Police have been pelted with petrol bombs in Athens as Greece passed unpopular tax and pensions reforms.

Thousands of protesters took to the streets ahead of a vote that the government hopes will unlock bailout cash and pave the way for progress on debt relief when Eurozone finance ministers meet today.

The demonstrations outside parliament in the capital and in Thessaloniki were largely peaceful, but small groups of protesters attacked riot police, who responded with tear gas.

Inside the parliament building, Prime Minister Alexis Tsipras survived a crucial test of his wafer-thin majority, as all 153 of the ruling coalition's lawmakers in the 300-seat parliament voted in favour of the changes.

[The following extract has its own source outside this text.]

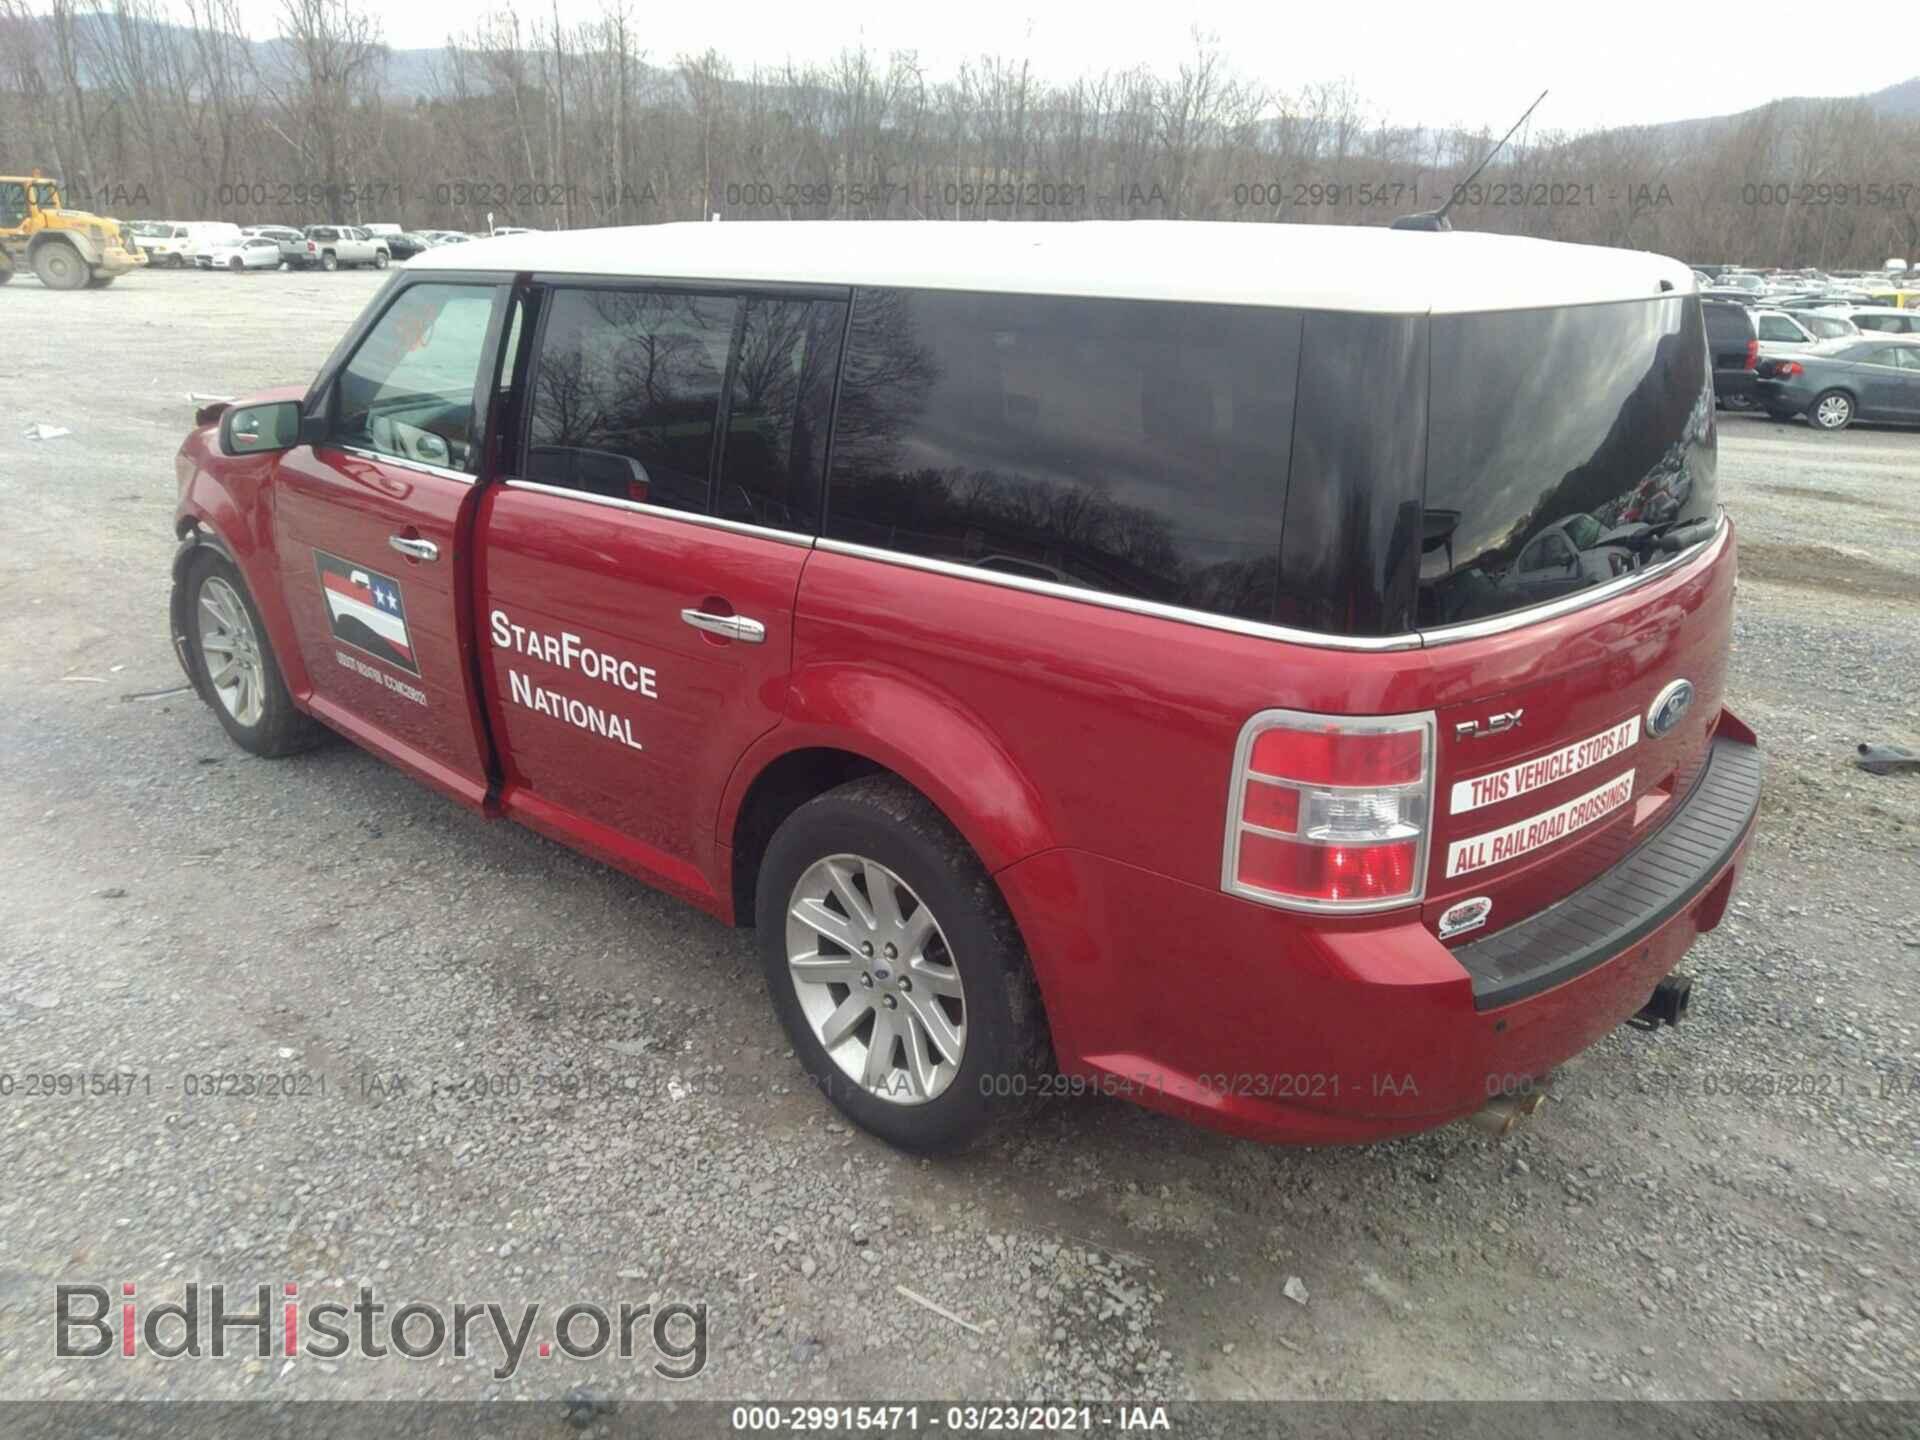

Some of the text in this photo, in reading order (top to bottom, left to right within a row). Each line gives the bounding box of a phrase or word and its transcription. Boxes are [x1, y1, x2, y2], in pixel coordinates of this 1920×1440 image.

The reforms will reduce some pension payouts, merge a number of pension funds, increase social security contributions and put up taxes for middle and high earners.

The measures have been deeply unpopular with anti-austerity campaigners and trade unions, but Mr Tsipras argued they would not affect most pensioners and moved the country towards a "sustainable" system.

"We have an important opportunity before us for the country to break this vicious cycle, and enter a virtuous cycle," he told lawmakers.

But he came under attack from opposition leaders, who accused him of betraying voters who re-elected his government last September on promises to ease the pain of austerity and protect pensions.

"Mr Prime Minister, you promised hope and turned it into despair," said Fofi Gennimata, leader of the opposition PASOK socialists.

"The measures will be a tombstone for growth prospects," said Kyriakos Mitsotakis, leader of the conservative New Democracy party which leads in opinion polls.

The package aims to generate savings equivalent to 3% of GDP, raising income tax for high earners, lowering tax-free thresholds and increasing a so-called "solidarity tax".

More taxes could be in the offing, with newspapers reporting on Monday that Greece plans to increase VAT and introduce additional taxes on fuel and tobacco, overnight hotel stays and internet use.

Eurozone finance ministers will meet later to discuss Greece's reform progress and whether it has met the terms of a multi-billion-euro bailout.

A positive outcome will see more than €5bn released to ease Greece's financial burden and allow it to make debt repayments in June and July.